The Western Lands

For the Gravenhurst album of the same name, see The Western Lands (album).
The Western Lands

Cover of the 1987 Viking Press hardcover edition.
Author William S. Burroughs
Country United States
Language English
Series Cities of the Red Night trilogy
Genre Novel
Publisher Viking Press
Publication date
1987
Media type Print (Hardcover and Paperback)
Pages 258 pp
ISBN 0-670-81352-4
OCLC 15790818
813/.54 19
LC Class PS3552.U75 W47 1987
Preceded by The Place of Dead Roads

The Western Lands is a 1987 novel by William S. Burroughs, the final book of the trilogy that begins with Cities of the Red Night (1981) and continues with The Place of Dead Roads (1983). The title refers to the western bank of the Nile River, which in Egyptian mythology is the Land of the Dead. Inspired by the Egyptian Book of the Dead, Burroughs explores the after-death state by means of dream scenarios, hallucinatory passages, talismanic magic, occultism, superstition, and his characteristic view of the nature of reality.

The prose is notable in that it shifts back and forth between Burroughs' characters and episodes clearly drawn from his own life.

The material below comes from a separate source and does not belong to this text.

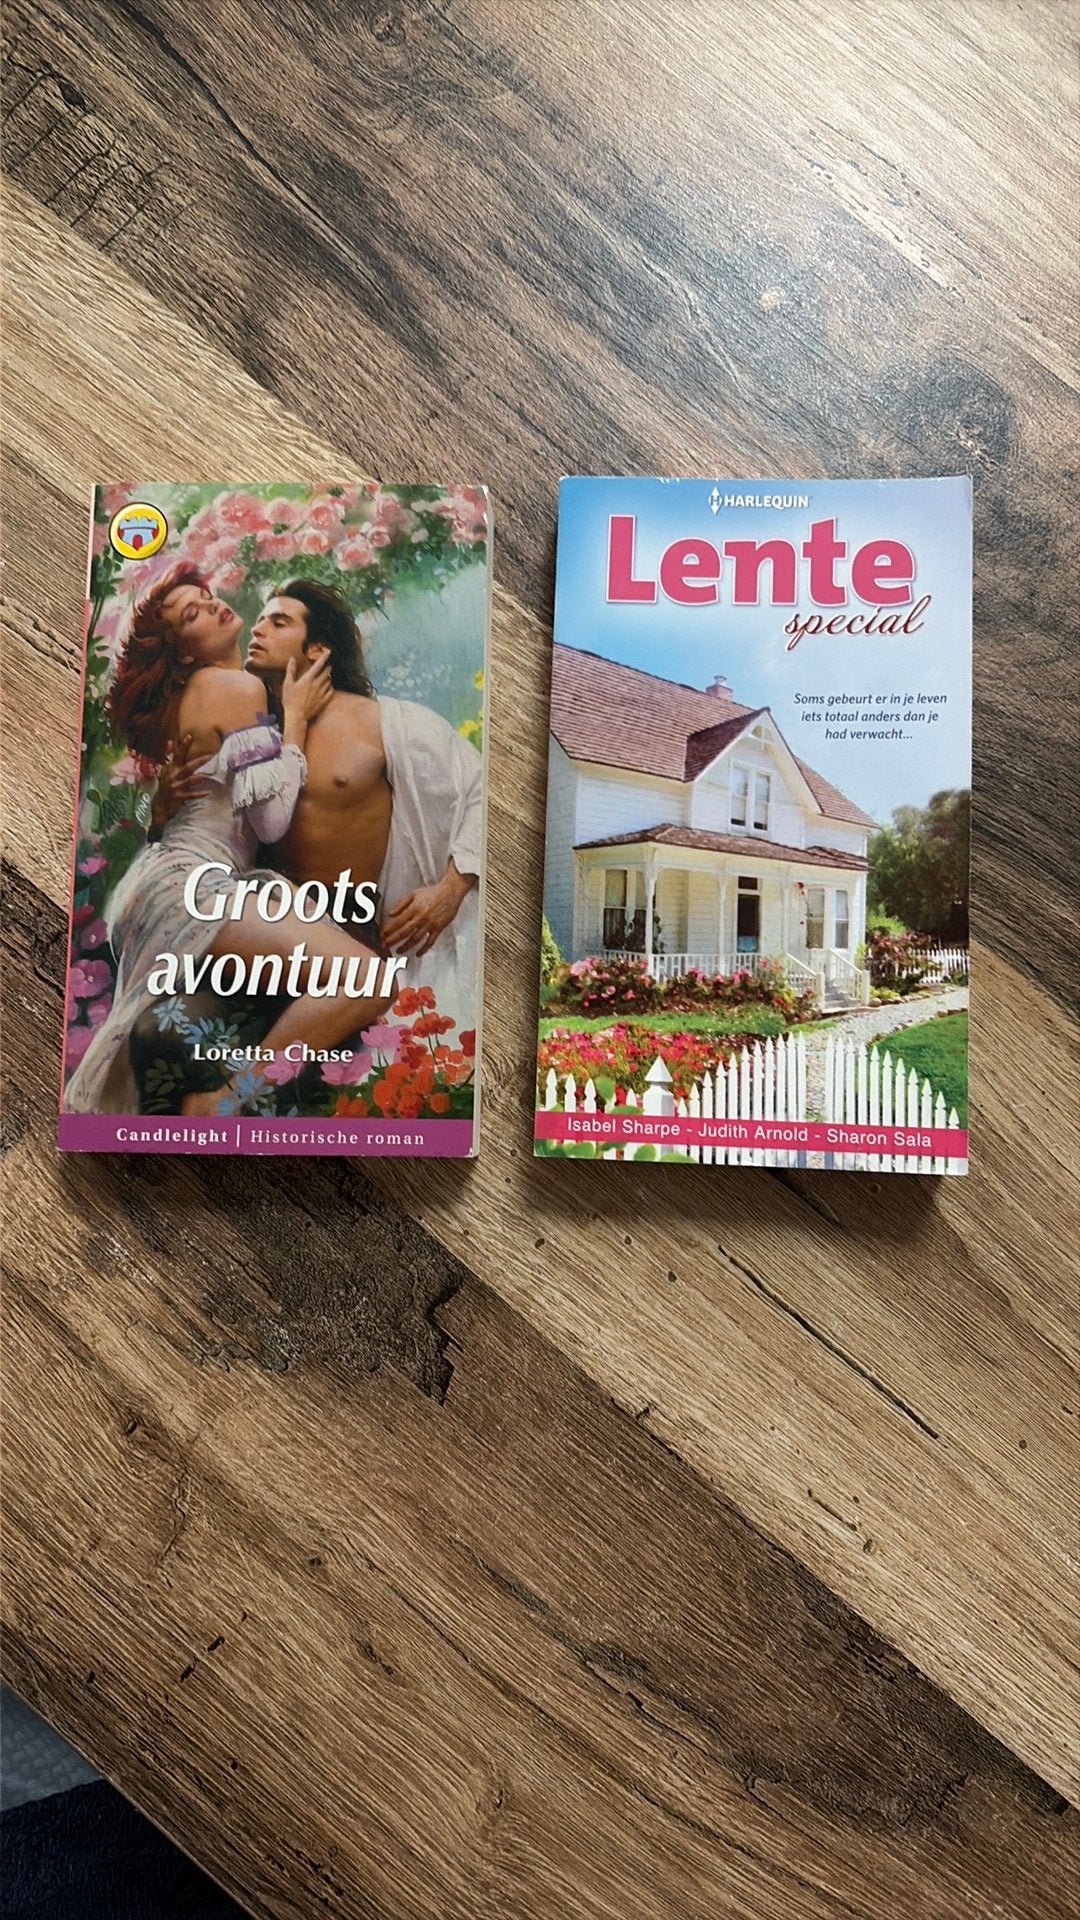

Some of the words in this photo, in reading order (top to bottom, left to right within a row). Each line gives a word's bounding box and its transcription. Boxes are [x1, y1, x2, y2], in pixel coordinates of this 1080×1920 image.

Scenes that are unmistakably auto-biographical include vignettes where Burroughs takes out evidence of amphetamine prescription bottles his mother gave him to sink with a large stone at the bottom of Lake Worth, Florida. The bottles were evidence his mother found in her grandson’s, Burroughs' own son's, bedroom. While Burroughs is ankle deep in the water, his aged mother is stalling police investigators in her home. Yet the novel also dives backwards into ancient history, giving the plot a perspective on death that attempts to transcend Christian theology. Burroughs acknowledges being inspired by Norman Mailer’s Ancient Evenings, an expansive novel published in 1983 about ancient Egypt set a thousand years before Christianity. Nevertheless, there are unmistakable references to contemporary culture, for instance Mick Jagger appears in some episodes.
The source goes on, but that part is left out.